The invention belongs to a preparation method of a ferroelectric thin film material. On the basis of the traditional Sol-Gel method, a seed layer is firstly provided on a substrate, and BST sol is repeatedly spin-coated on it to make a uniform BST thin film. The steps of the present invention: dissolve lead acetate Pb(C ₂ H ₃ O ₂ ) ₂ in a solvent composed of water and glacial acetic acid CH ₃ COOH, and dissolve tetrabutyl titanate Ti(OC ₄ H ₉ ) ₄ in ethylene glycol ether In C ₂ H ₅ O(CH ₂ ) ₂ OH solvent, the two parts are mixed and stirred to form PbTiO ₃ sol; PbTiO ₃ sol is added with N·N-formamide C ₃ H ₇ NO and ethylene glycol C ₂ H ₆ O ₂ as additives , the composition is sufficiently uniform to form a PbTiO ₃ seed layer precursor; spin-coat the PbTiO ₃ seed layer precursor on the substrate to form a wet film, irradiate with ultraviolet light to make it a solid film, and heat-treat to form an inorganic film; repeat the spin-coating steps 2 to 4 times, after heat treatment, the seed layer is formed; then the traditional Sol-Gel method is used to prepare a BST film on the seed layer.
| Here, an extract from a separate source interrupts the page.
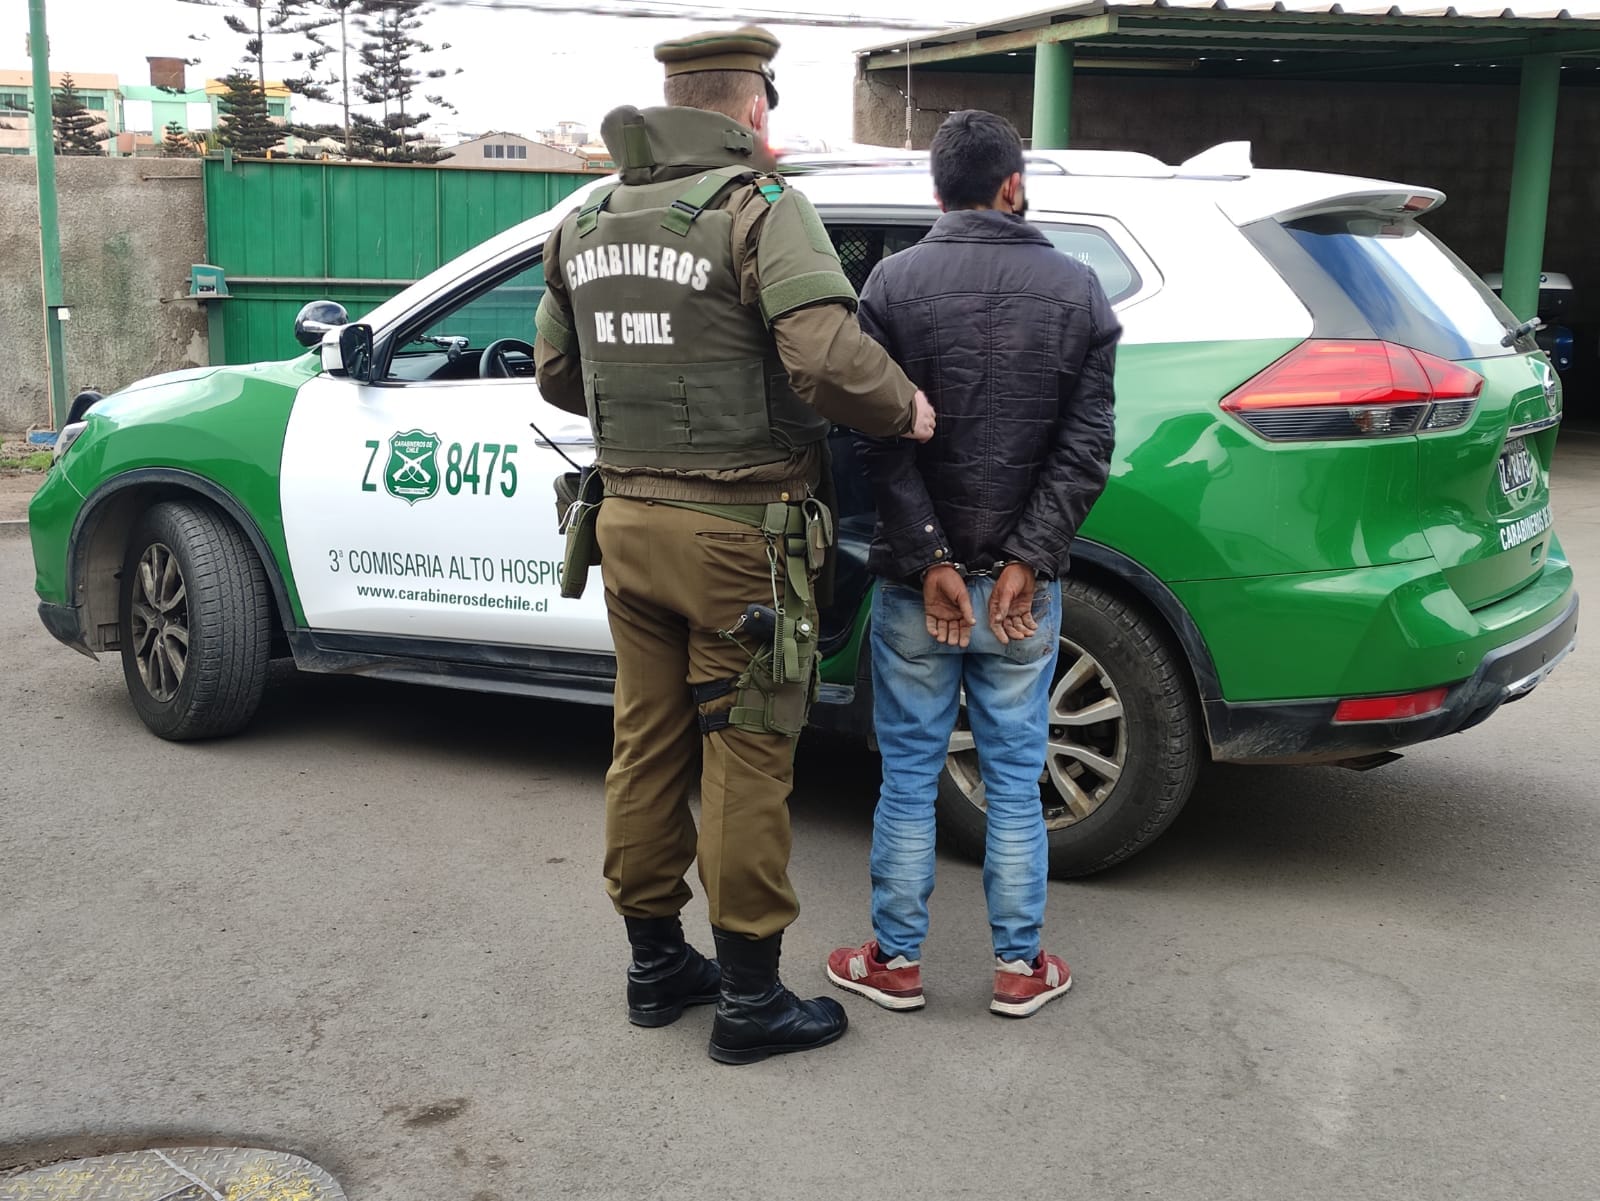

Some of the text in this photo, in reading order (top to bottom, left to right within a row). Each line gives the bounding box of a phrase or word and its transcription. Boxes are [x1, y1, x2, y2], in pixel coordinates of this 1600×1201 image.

The BST ferroelectric thin film prepared by the invention has no cracks and holes, crystal grains grow obviously and distribute evenly, and can meet the requirements of the UFPA system for detecting materials.

Description

Method for preparing strontium barium titanate ferroelectric thin film

technical field

The invention belongs to a preparation method of a ferroelectric thin film material, in particular to the preparation of a high-performance barium strontium titanate BST ferroelectric thin film sensitive unit.

Background technique

Uncooled infrared detector focal plane array (UFPA) represents a new approach to the development of staring array thermal imaging, and is a key component in the manufacture of uncooled thermal imagers. Both can be completed on a common-scale integrated circuit process line, without having to rely on extremely expensive very large-scale integrated circuit (VLSI) manufacturing equipment. The key technology for preparing the focal plane array of uncooled infrared detectors is the preparation of high-performance detection sensitive element and its micro-insulation structure, and the high-performance ferroelectric thin film material is the premise to ensure the high detection rate and stability of the device. Its main function is to cause a change in the spontaneous excitation intensity of the material when the external temperature changes through the pyroelectric effect of the thin film material, and provide a corresponding detection signal to the detection circuit.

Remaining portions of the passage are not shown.